The Year of the Campaign Worker is over, but many campaign workers have gone on to organize in other movement spaces. The president of the Campaign Workers Guild (CWG), my old union from another campaign, now sits on the National Political Committee of the Democratic Socialists of America (DSA). As for me, during the campaign, I began volunteering for the Emergency Workplace Organizing Committee (EWOC), a national DSA project in partnership with the United Electrical, Radio, and Machine Workers of America (UE) to build a distributed program to support workers organizing their workplaces. That began my involvement in DSA, which has since expanded to local organizing in DSA chapters like the second largest in the South – our very own DSA NC Triangle.
My advice: Organize your workplace. If you want to have a voice, organize your workplace.
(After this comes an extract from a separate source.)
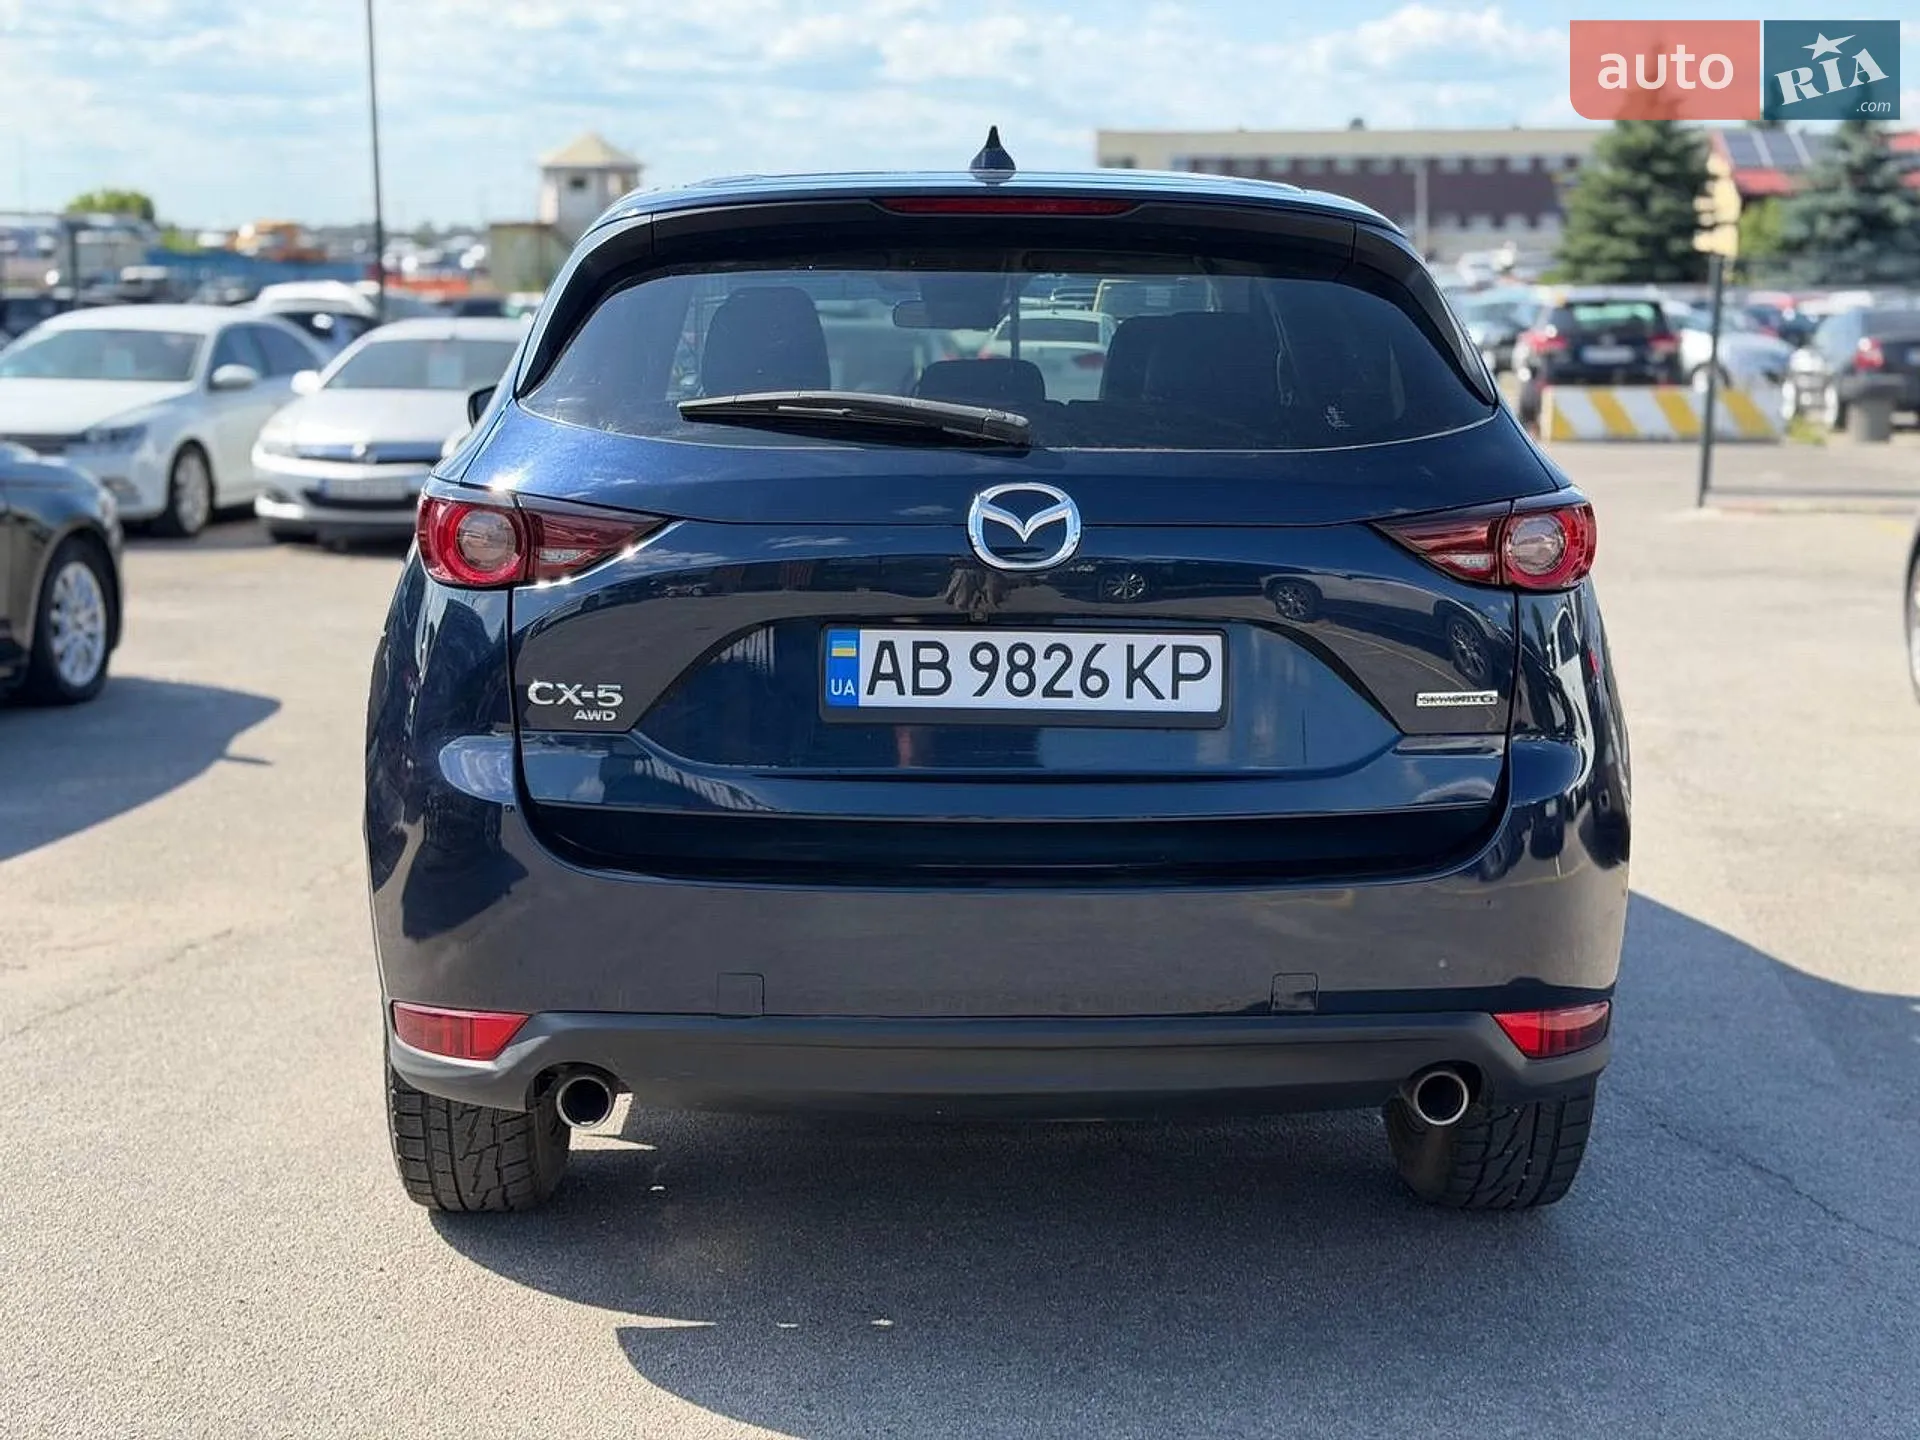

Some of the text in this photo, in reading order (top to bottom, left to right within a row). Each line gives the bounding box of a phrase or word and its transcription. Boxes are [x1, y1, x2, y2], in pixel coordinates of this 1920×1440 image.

If you want to make a massive difference in North Carolina and beyond, organize your workplace. If you want to build the left, organize your workplace. While each workplace represents different challenges, every workplace can be organized. If you do, you’ll be in good company. Pro-labor sentiment in the United States has reached its highest since the 1960s. The wildfire of the labor uprising has spread across the country, from workers in digital media, to baristas and tech workers, to Amazon workers. And since we organized in 2020, the National Labor Relations Board has become far more pro-labor than before and stands increasingly on the side of working people again.
Most importantly, we can learn from one another, share materials, and support each other’s efforts as we organize our workplaces. Through collective action, we can improve all of our lives and change history.